The process might sound simple, but it was a lot of work and gave me a sense of fulfillment. Finally, I had finished a job that was long in the planning stages. I was sure it could not fail, and I finished it in a weekend. My muscles and back were sore, but it was done. Not bad for an old guy.
My good feeling lasted until our first heavy rain. I waited, confident my project solved the water problem. The water issue changed drastically, but not in a good way. The shallow trench created an express route for the water. Much of the torrent had been having a hard time getting through the sod, but, with the trencher and my help, water got underground and on the way to my basement faster and in more volume than ever before.
I never realized how permeable the ground was. Now, the quarter inch of water on the floor became an inch or so, when we got a heavy storm.
A contractor friend told me the best way to fix my problem was to dig a ditch deeper than the basement floor. I wished he had piped up a little sooner.
This time, I rented a mini excavator. The machine, on rubber tracks, has a reach far enough to dig 6 1/2 feet. At the same time, it provides a jarring roller coaster ride any amusement park would be proud to provide.
It was fun for the three days I ran the machine, but after a couple of hours, I found it to be bone-wrenching, as well, and less fun.
As much as I would rather not climb down into a trench deeper than I am tall, there are multiple reasons I had to get down there.
You can’t keep stuff from falling off the sides, into the bottom of a trench. Someone has to shovel that out. There is gravel to be spread and pipe to be connected and arranged. Emmy Lou did not volunteer.

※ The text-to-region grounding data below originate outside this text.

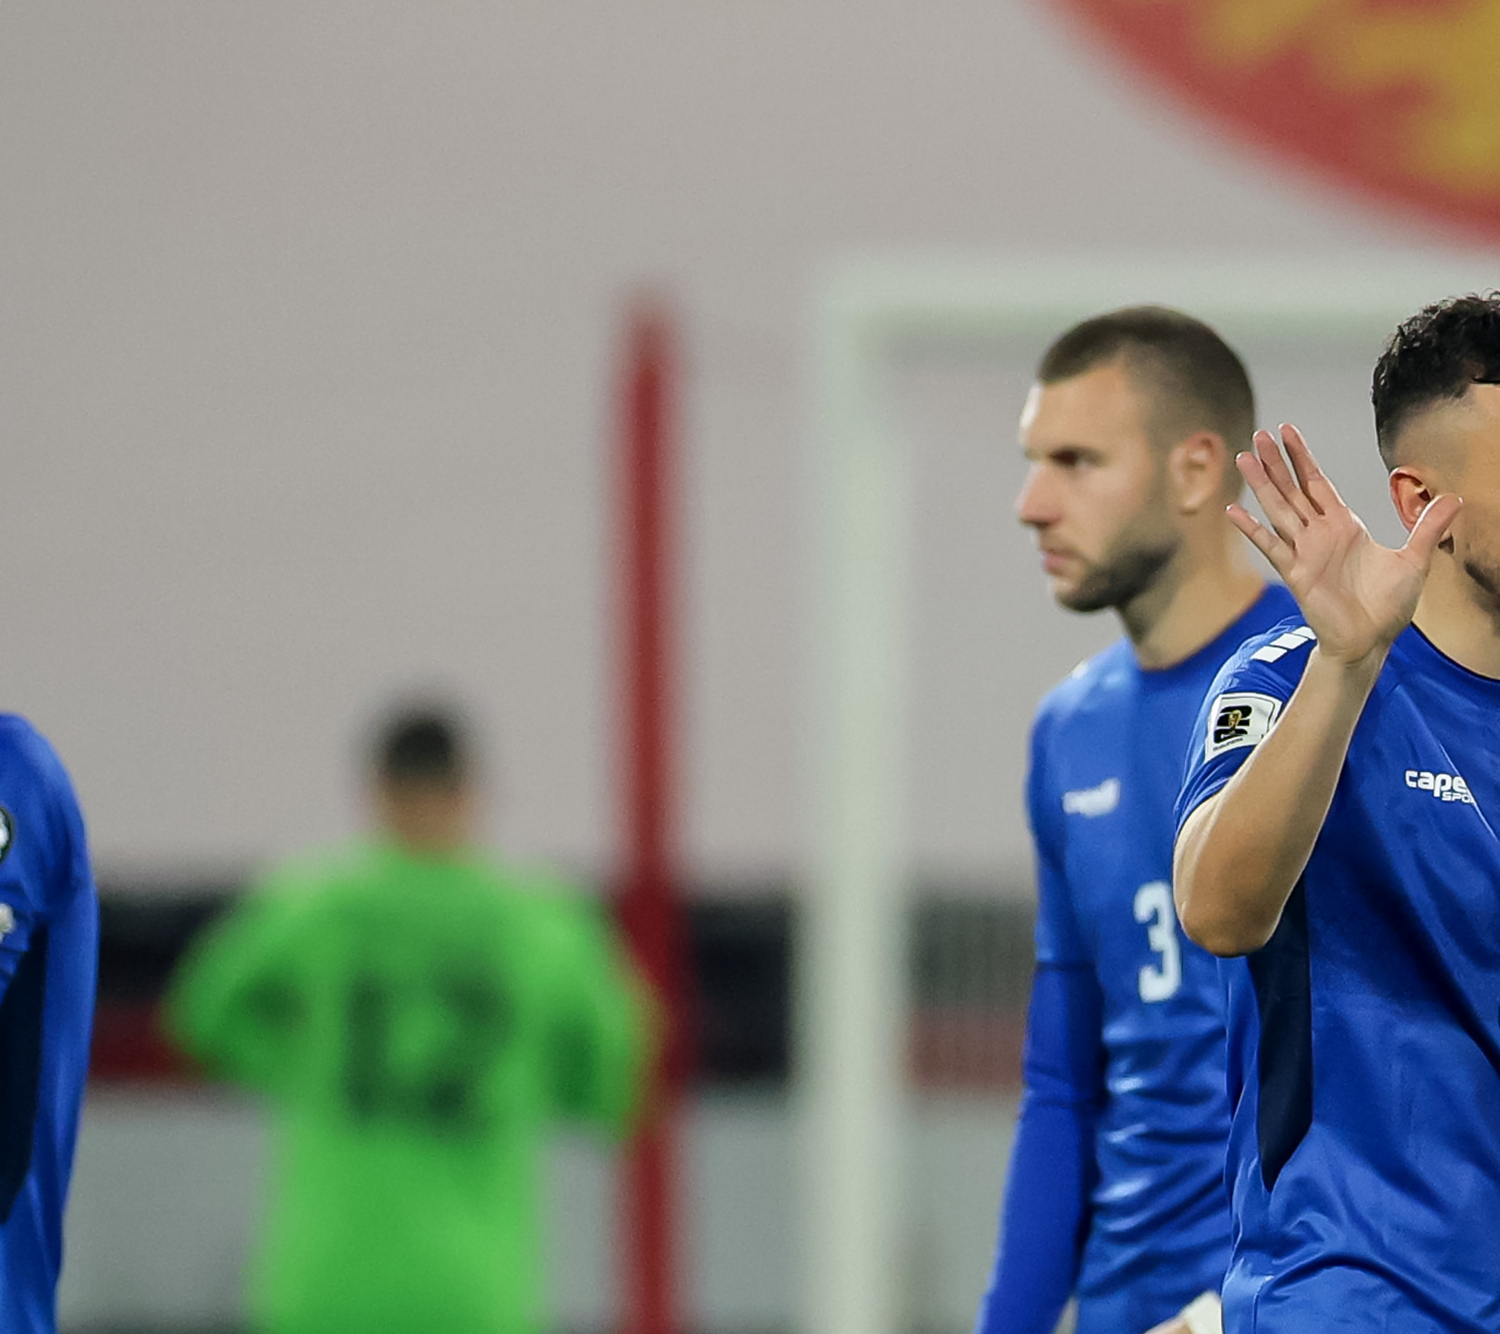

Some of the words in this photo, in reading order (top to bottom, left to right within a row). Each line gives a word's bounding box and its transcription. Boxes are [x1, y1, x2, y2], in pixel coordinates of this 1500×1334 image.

[1405, 770, 1468, 797] cape
[1441, 791, 1476, 804] SPO
[1133, 881, 1182, 1004] 3
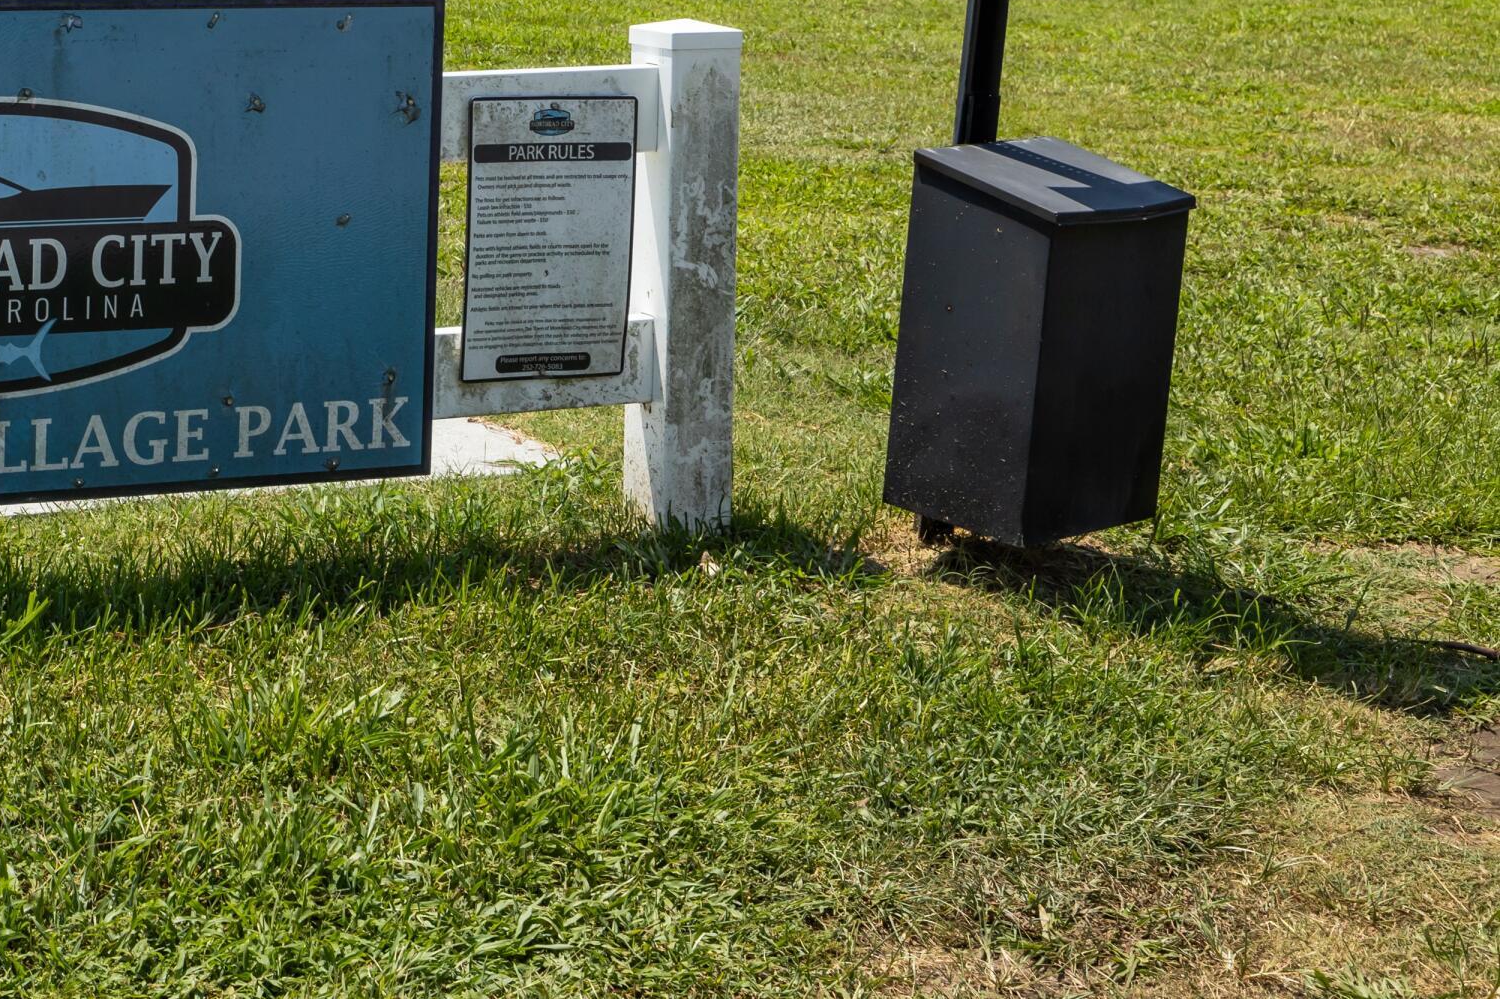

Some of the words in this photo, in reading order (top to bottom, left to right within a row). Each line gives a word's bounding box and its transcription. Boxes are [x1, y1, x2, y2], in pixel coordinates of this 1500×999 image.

[509, 145, 544, 160] PARK
[549, 145, 594, 159] RULES
[91, 232, 222, 287] CITY
[233, 396, 411, 458] PARK

I have often pondered the phrase “big boned.” The first time I heard it, I was in my teens and an aunt was trying to fix me up on a blind date. She said, “She’s big boned, but she’s got a great personality. You’ll love her.”
It brought to mind a horse; it was the only thing I could think of, right off the bat, that had big bones. Turns out, the phrase had more to do with human body shape.

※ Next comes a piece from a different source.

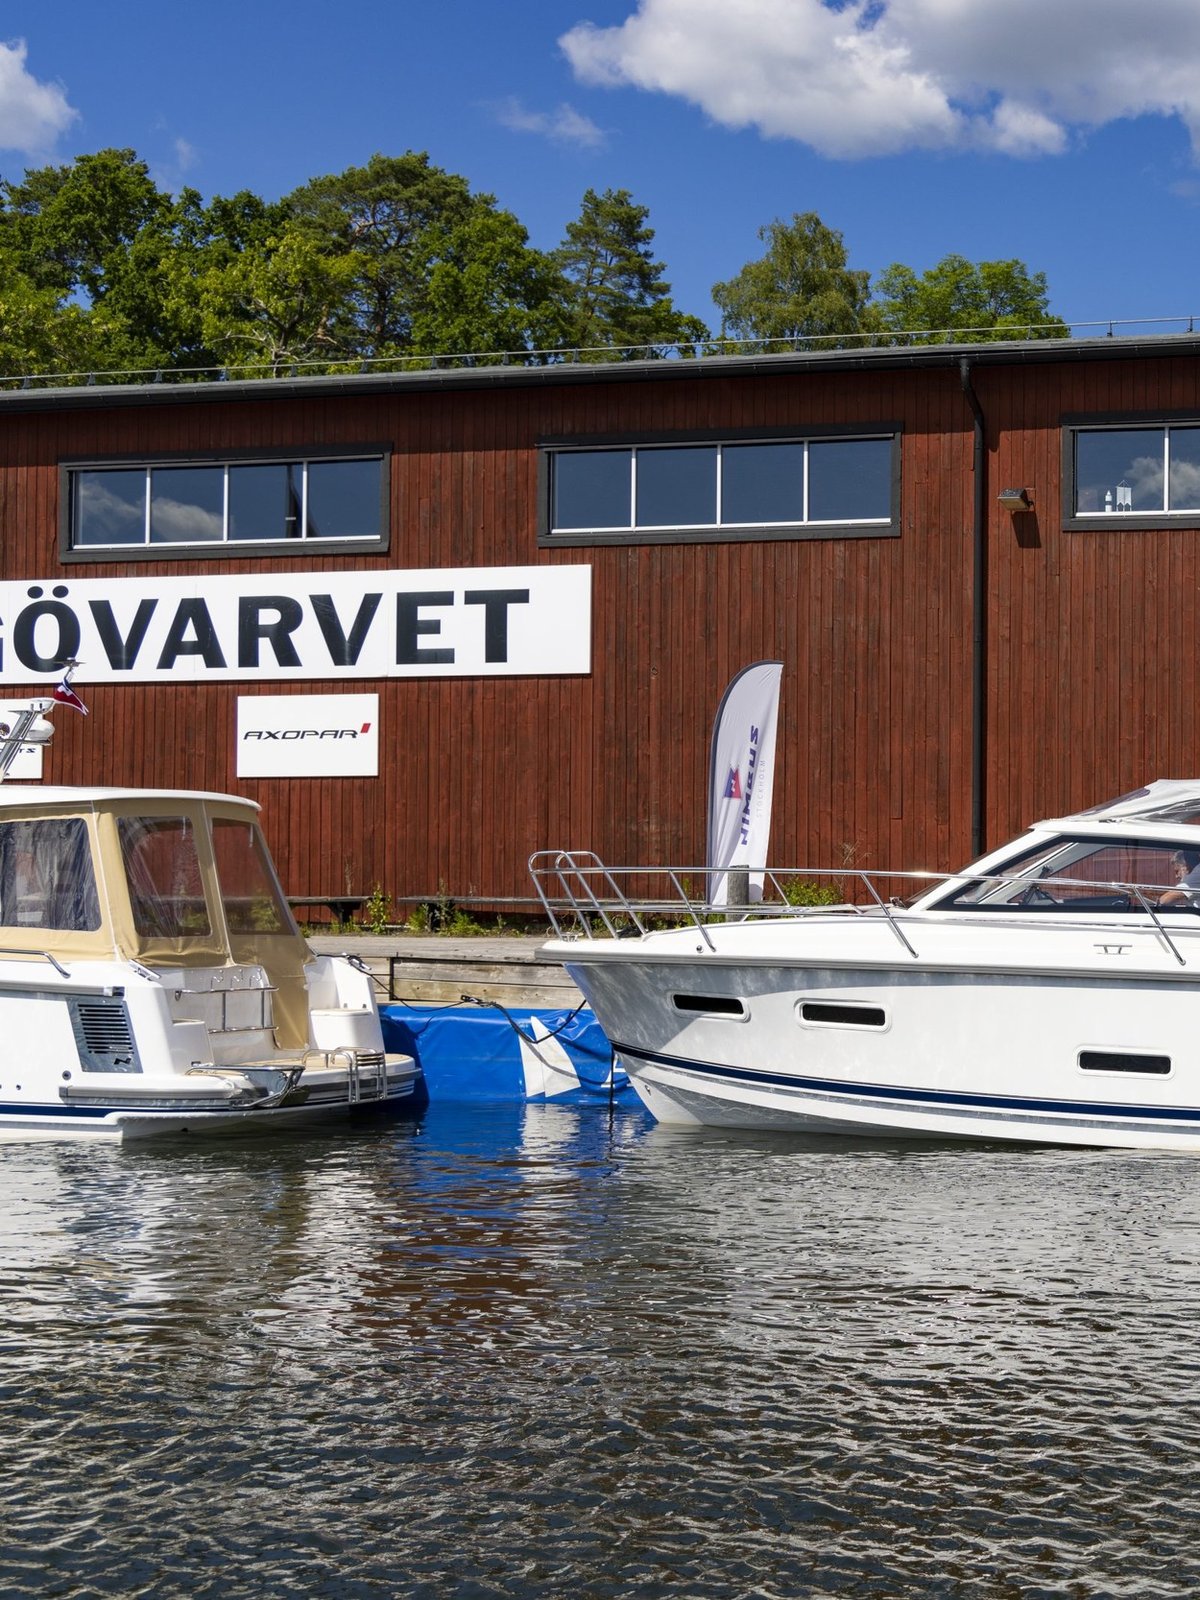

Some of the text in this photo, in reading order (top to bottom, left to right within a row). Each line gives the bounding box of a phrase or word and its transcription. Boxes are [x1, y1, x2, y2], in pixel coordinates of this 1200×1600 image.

[0, 584, 530, 674] ÖVARVET
[243, 729, 358, 740] AXOPAR
[741, 725, 759, 845] NIMBUS
[756, 760, 766, 818] STOCKHOLM

I was relieved to find my blind date was not like a horse at all. She was feminine, but just a bit on the rotund side, rather than looking like or having any mannerisms in common with a horse.

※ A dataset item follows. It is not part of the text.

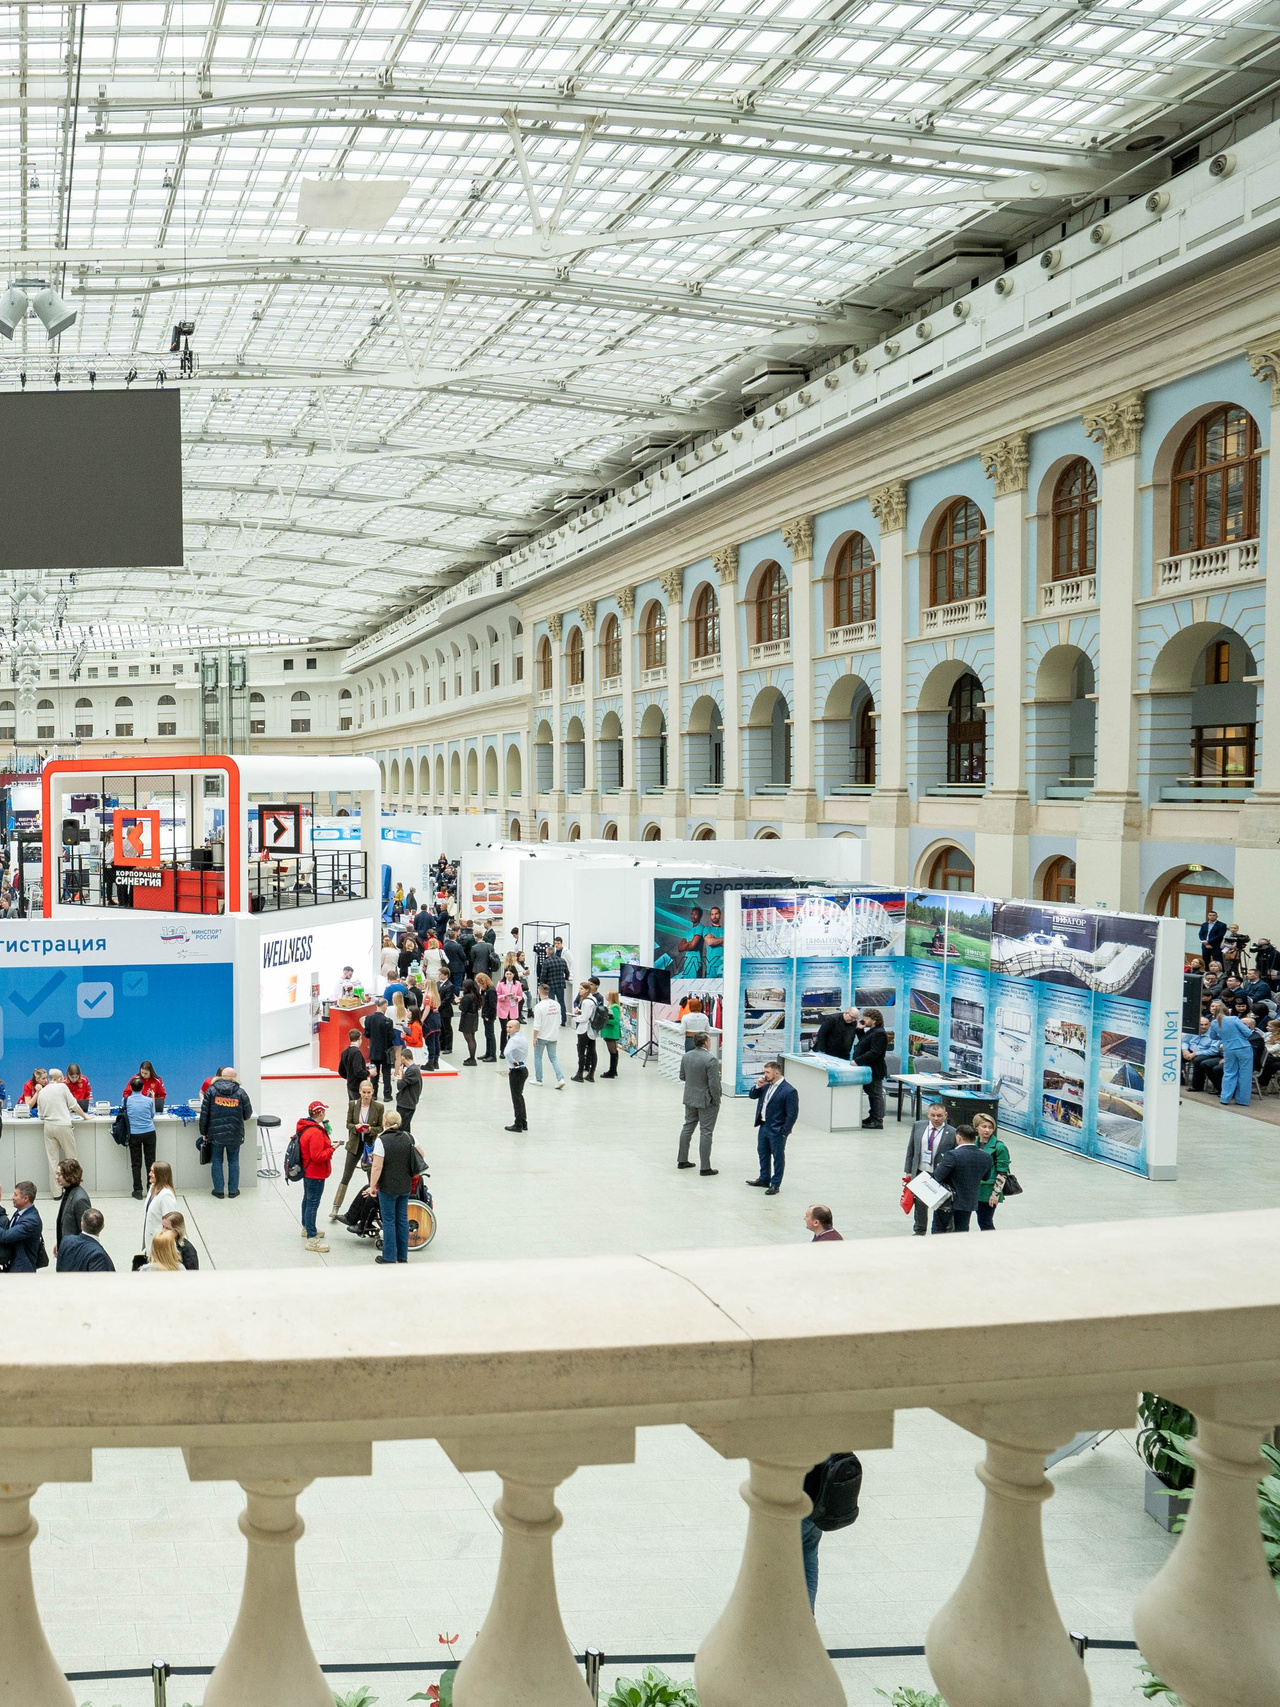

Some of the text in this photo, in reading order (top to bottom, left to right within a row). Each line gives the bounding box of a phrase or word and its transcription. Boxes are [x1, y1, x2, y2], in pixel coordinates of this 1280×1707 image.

I digress. Back to my trench. I found out I am not just a bit porky, but I am also big boned. My hips and shoulders didn’t fit properly into the 12-inch ditch. I had to awkwardly shovel and perform other chores sideways, with one arm, squeezed between two walls.
I thought of the “big-boned” girl I dated, all those years ago, while I was down there, realizing my own big boned characteristics.
I wondered how she would do, if she were in the ditch. If you truly want to know about your bone structure, climb down into a 12-inch trench and try handling a shovel. If it’s a tight fit but you can still get your hips side by side and both hands on the shovel, you aren’t big boned; you are something else, no (big) bones about it.